▶ [Collected data]:

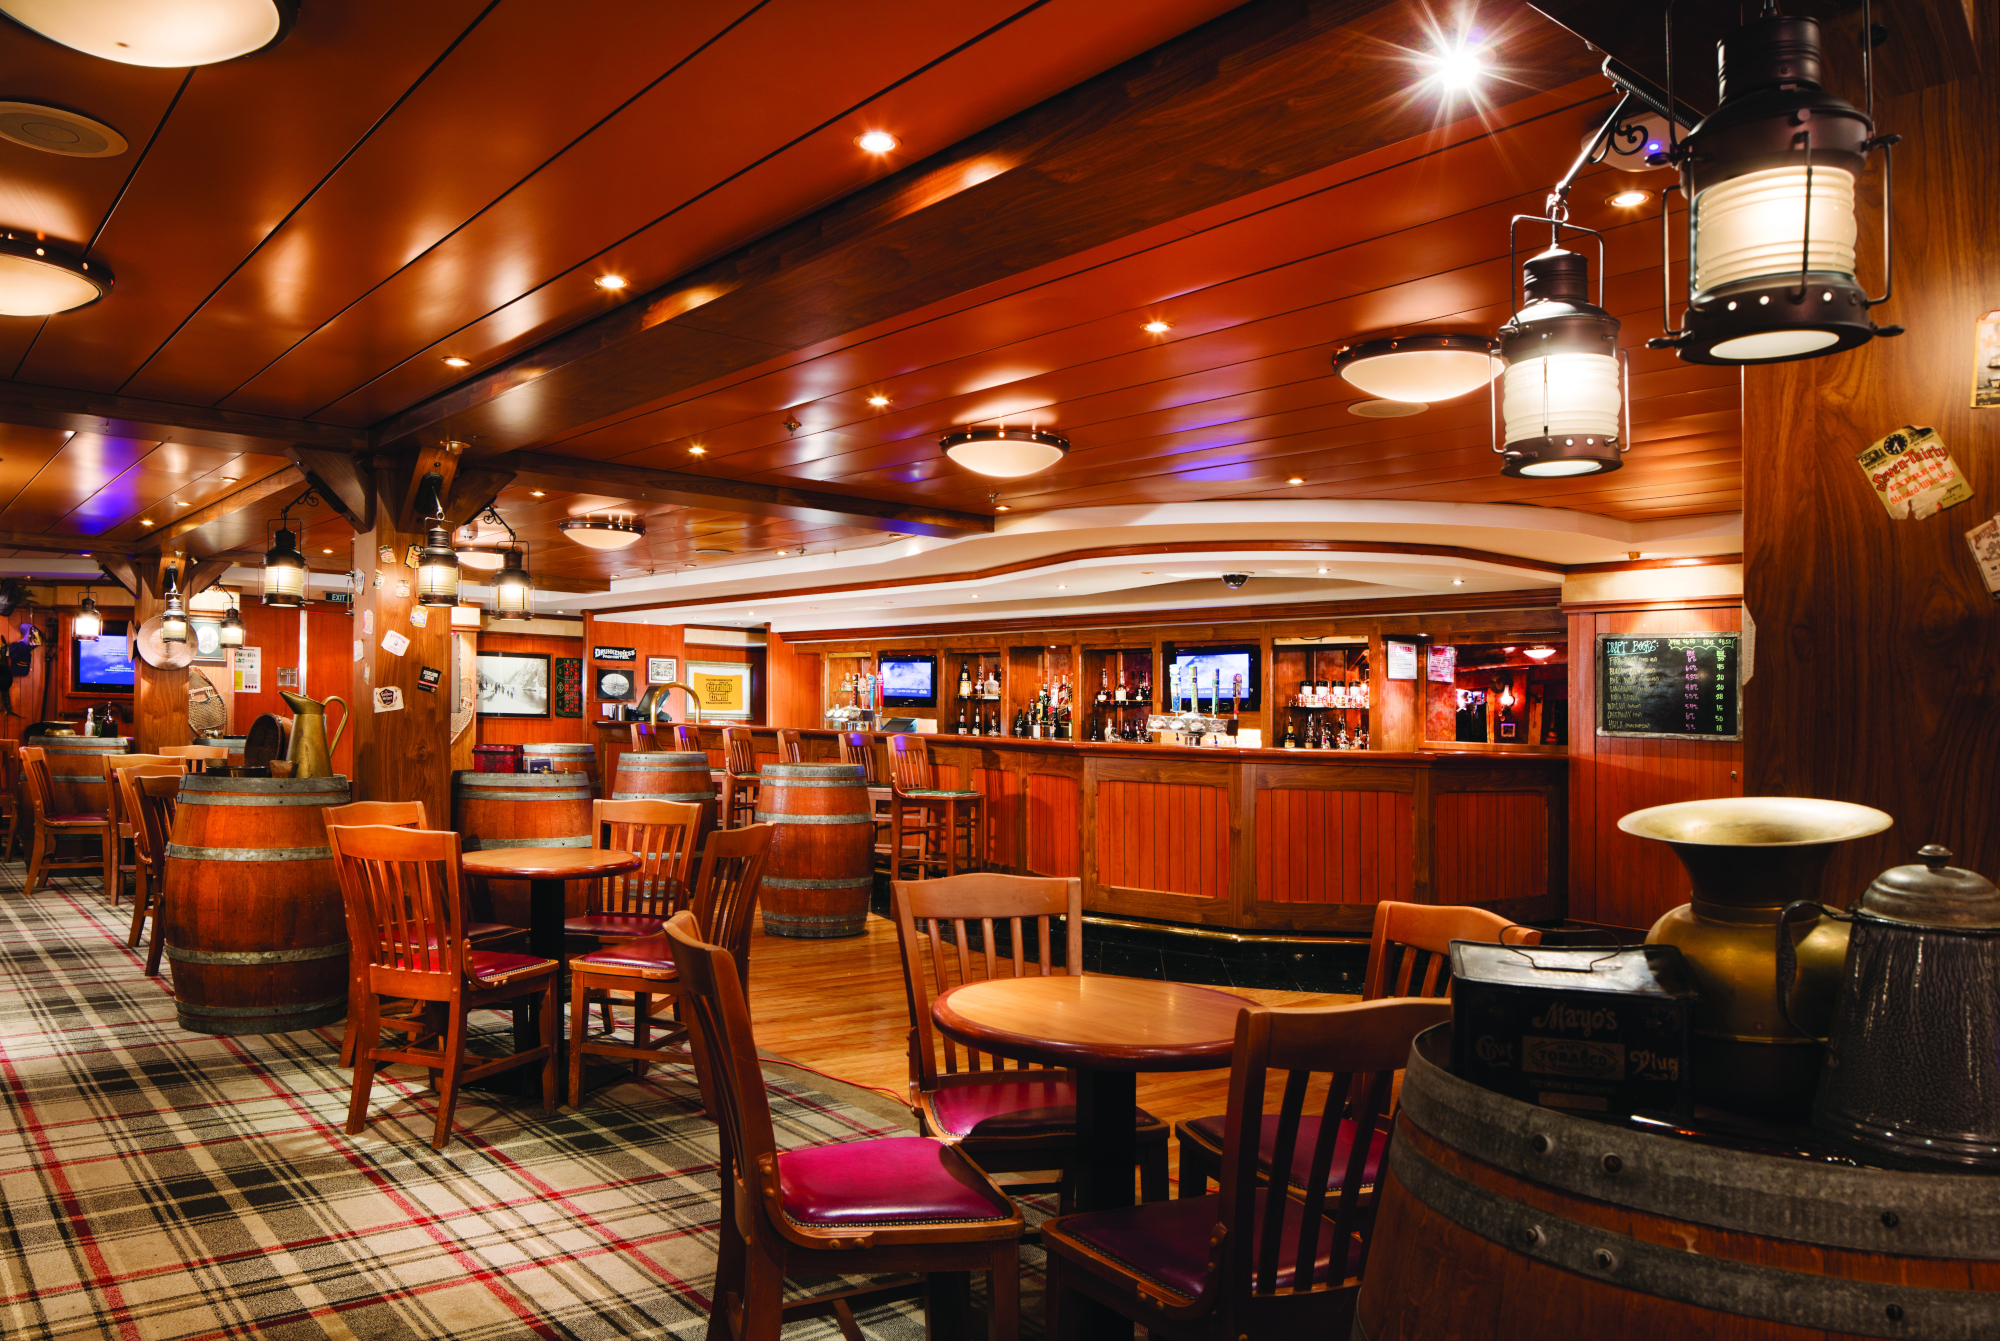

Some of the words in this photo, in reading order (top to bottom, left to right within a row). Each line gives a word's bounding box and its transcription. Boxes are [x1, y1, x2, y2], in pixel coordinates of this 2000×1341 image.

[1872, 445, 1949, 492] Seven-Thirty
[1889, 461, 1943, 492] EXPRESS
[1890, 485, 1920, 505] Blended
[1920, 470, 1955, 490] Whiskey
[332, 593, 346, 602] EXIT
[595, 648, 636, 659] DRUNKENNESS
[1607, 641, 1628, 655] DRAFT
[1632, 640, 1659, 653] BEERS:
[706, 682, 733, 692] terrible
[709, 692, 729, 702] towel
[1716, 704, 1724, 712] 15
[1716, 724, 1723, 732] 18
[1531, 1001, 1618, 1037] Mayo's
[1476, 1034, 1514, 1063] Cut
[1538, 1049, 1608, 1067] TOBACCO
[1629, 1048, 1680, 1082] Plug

▶ [TO DO]:
All entries should be reproduced exactly; no picture belongs in the result.

▶ [TASK RESPONSE]:
Some of the words in this photo, in reading order (top to bottom, left to right within a row). Each line gives a word's bounding box and its transcription. Boxes are [x1, y1, x2, y2], in pixel coordinates of this 2000×1341 image.

[1872, 445, 1949, 492] Seven-Thirty
[1889, 461, 1943, 492] EXPRESS
[1890, 485, 1920, 505] Blended
[1920, 470, 1955, 490] Whiskey
[332, 593, 346, 602] EXIT
[595, 648, 636, 659] DRUNKENNESS
[1607, 641, 1628, 655] DRAFT
[1632, 640, 1659, 653] BEERS:
[706, 682, 733, 692] terrible
[709, 692, 729, 702] towel
[1716, 704, 1724, 712] 15
[1716, 724, 1723, 732] 18
[1531, 1001, 1618, 1037] Mayo's
[1476, 1034, 1514, 1063] Cut
[1538, 1049, 1608, 1067] TOBACCO
[1629, 1048, 1680, 1082] Plug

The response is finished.